Omne tulit punctum, qui miscuit utile dulci,
Lectorem delectando, pariterque monendo.
Pero la atenta lectura de los versos del Sr. Mesía ha venido á convencerme de lo contrario. Ahora ya creo que, en pleno siglo XIX, puede el poeta, como en las edades primeras del mundo, pronunciar oráculos, revelar misterios y mostrar á la errante humanidad los más ocultos senderos de la vida.

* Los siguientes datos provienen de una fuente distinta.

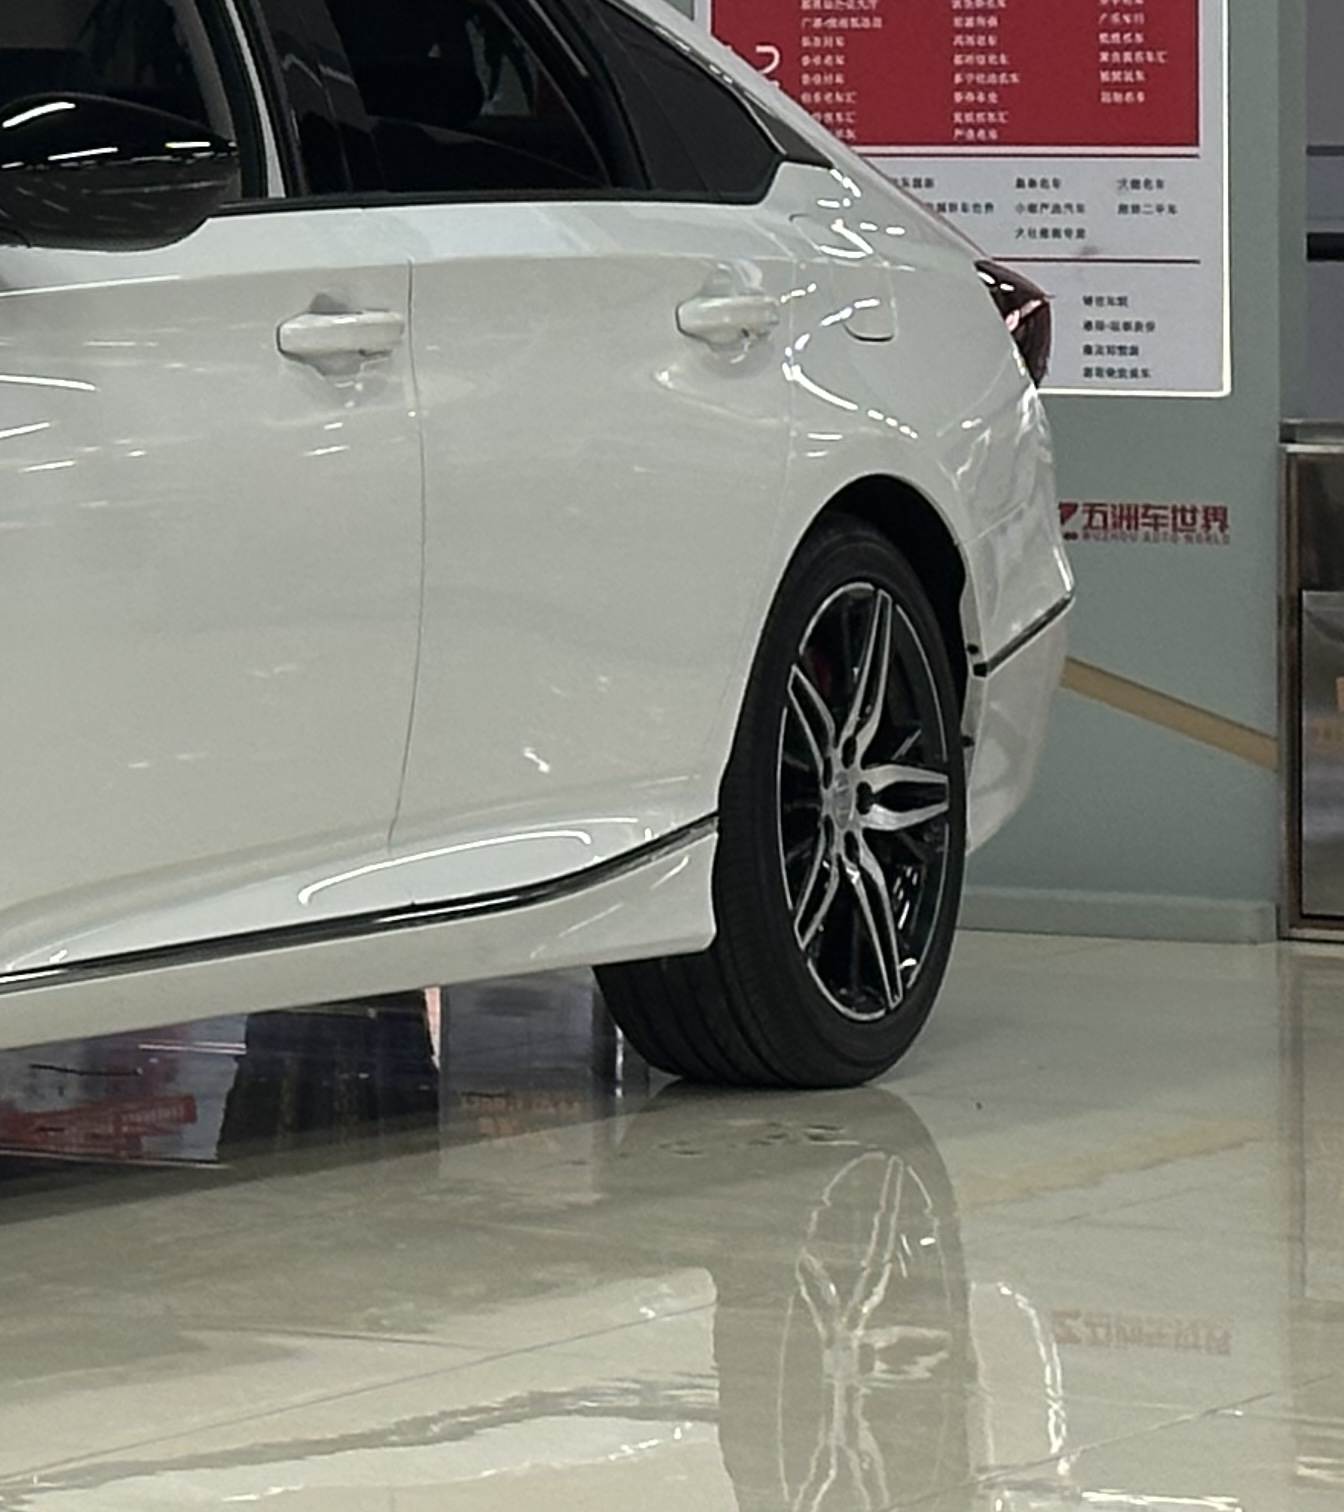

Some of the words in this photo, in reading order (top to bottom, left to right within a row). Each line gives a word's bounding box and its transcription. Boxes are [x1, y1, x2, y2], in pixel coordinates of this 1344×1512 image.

Indudablemente, lo que hace más precioso este libro, que tengo la honra de presentar al público, es el abundante tesoro de moral que entre sus chistes encierra. Nunca, en lo humano, se ha ejercido mejor la virtud de la eutropelia, y se ha enderezado á un fin más útil. El Sr. Mesía descubre que es una persona versada, y aun curtida en la filosofía de amor, práctica y especulativa ó teórica, y deja caer de sus labios, ó de su pluma, los documentos más conducentes á llevarse bien con las damas, así en el matrimonio como fuera del matrimonio. Reprende los vicios con una gracia y una suavidad muy á propósito para ponerlos en ridículo y hacernos huir de ellos. Y, por último, enseña cosas de suma entidad é importancia para nuestro mantenimiento y buen régimen, como, por ejemplo, la magnífica Receta de hacer croquetas. Yo puedo asegurar que en mi casa se han hecho muchas veces, siguiendo las prescripciones del señor Mesía, y han salido admirables y deliciosas; han salido como para chuparse los dedos, y perdónese lo vulgar de la frase.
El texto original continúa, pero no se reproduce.